CIBC today reported a higher fourth-quarter profit, thanks to a strong performance from its retail businesses.

The bank said net income for the quarter ended Oct, 31 was $819 million, or $2.32 a share, compared with $728 million, or $2.06 a share, in the corresponding quarter of 2005.

For the year, CIBC’s net income hit a record $2.6 billion, after charges relating to Enron Corp. caused a loss of $32 million in 2005.

The bank’s results for the quarter were boosted by a reversal of the general allowance for credit losses and significant tax-related adjustments, partly offset by the impact of changes in credit spreads on the mark-to-market of its corporate loan credit derivatives.
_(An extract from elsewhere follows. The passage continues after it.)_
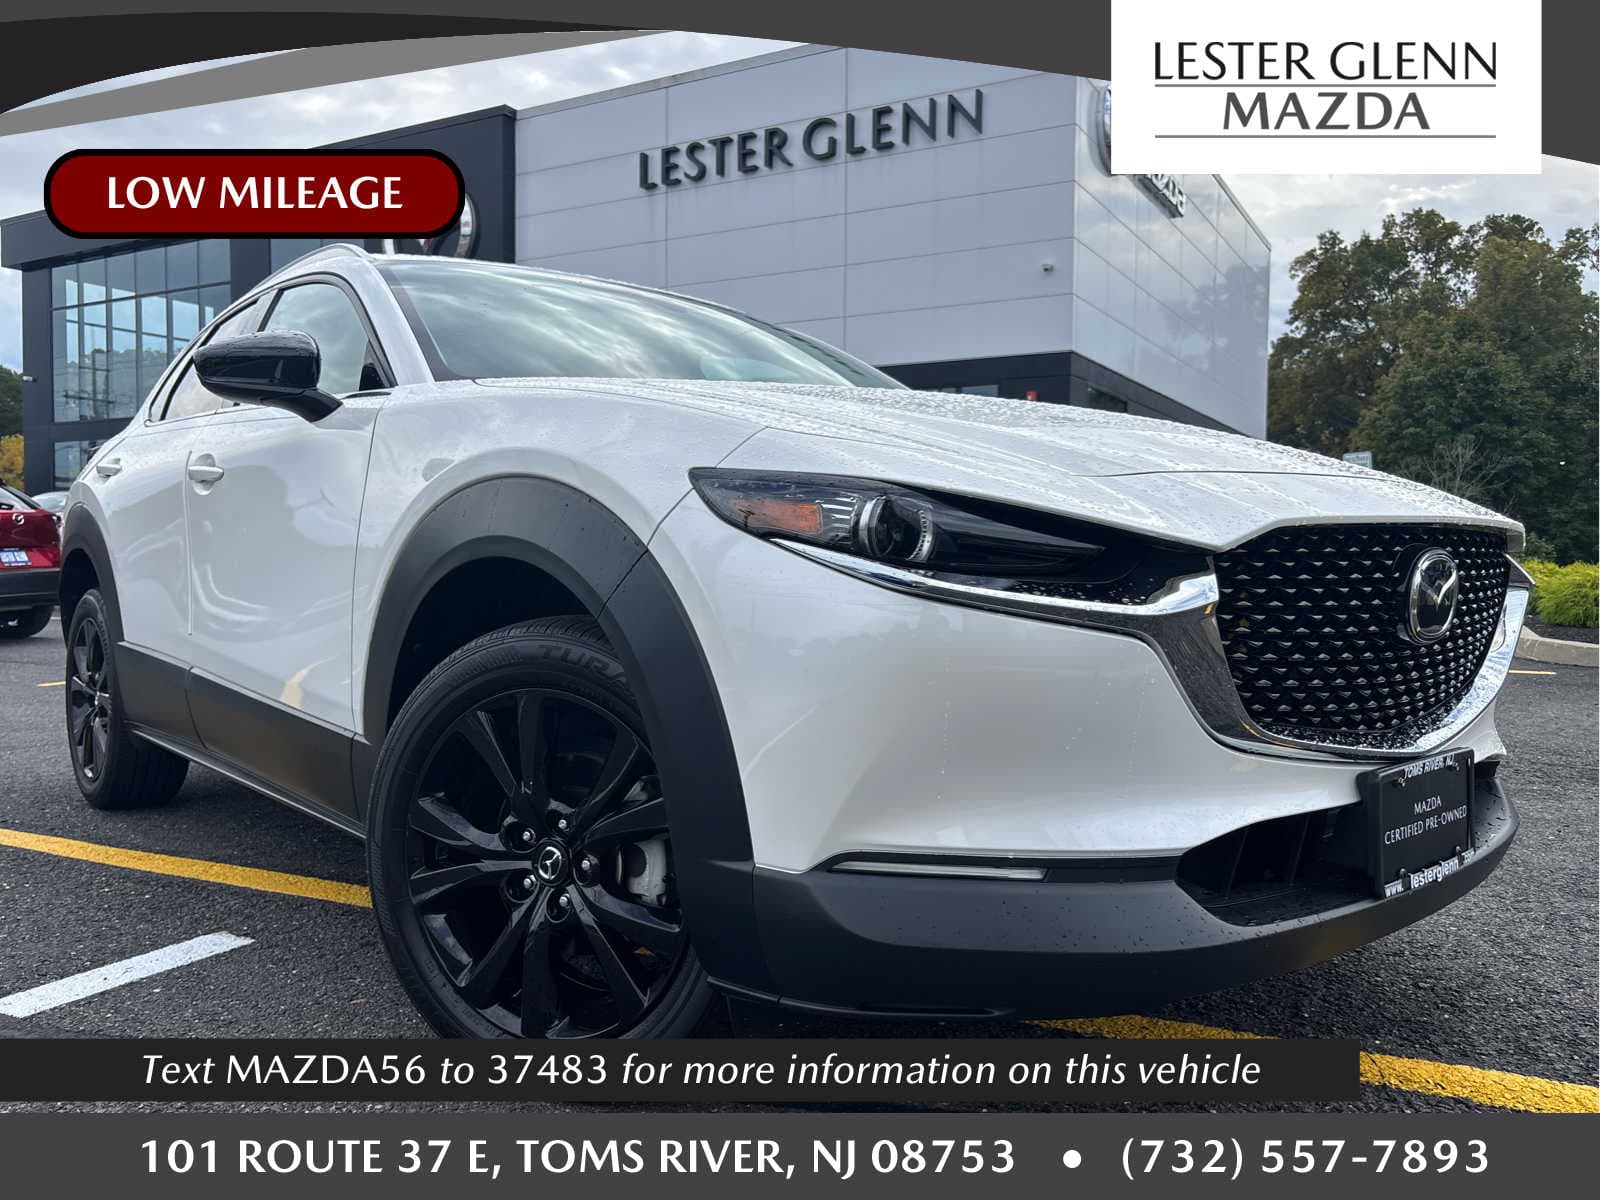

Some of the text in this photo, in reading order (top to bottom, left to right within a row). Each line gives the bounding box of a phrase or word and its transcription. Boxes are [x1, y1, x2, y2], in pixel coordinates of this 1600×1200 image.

[639, 88, 983, 190] LESTER GLENN
[1403, 762, 1423, 779] TOMS
[1414, 795, 1442, 815] MAZDA
[1384, 805, 1467, 845] CERTIFIED PRE-OWNED
Return on equity was 32.5%, down from 34.2% for the same period last year.

CIBC’s Tier 1 capital ratio at Oct. 31 was 10.4%, up from 8.5% a year ago.

Total revenue for the fourth quarter was $2.89 billion, down 16% from c$3.42 billion a year ago.
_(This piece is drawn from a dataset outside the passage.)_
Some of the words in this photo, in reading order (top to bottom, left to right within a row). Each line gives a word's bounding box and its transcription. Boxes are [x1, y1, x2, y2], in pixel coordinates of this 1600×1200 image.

Provision for credit losses came in at $92 million in the quarter, down from $170 million in the final quarter of 2005.

“CIBC delivered solid results in 2006, underpinned by the progress we made against our strategic priorities” said Gerald McCaughey, president and CEO. “In 2007, our focus will be to further build on our progress and continue to position CIBC for consistent and sustainable performance over the long term.”

CIBC said its retail businesses continued to perform well overall.

CIBC Retail Markets’ profitability was up 18% in 2006. Volume growth, as well as improvements in expenses, loan losses and taxes, all contributed to this result.

CIBC’s wholesale businesses also reported solid results in 2006.

CIBC World Markets sustained its market strength in Canada, finishing the fiscal year as the leader in equity underwriting and M&A. In the U.S., CIBC’s real estate finance and merchant banking businesses both reported good results.

The bank left its quarterly dividend unchanged at 70¢ a share.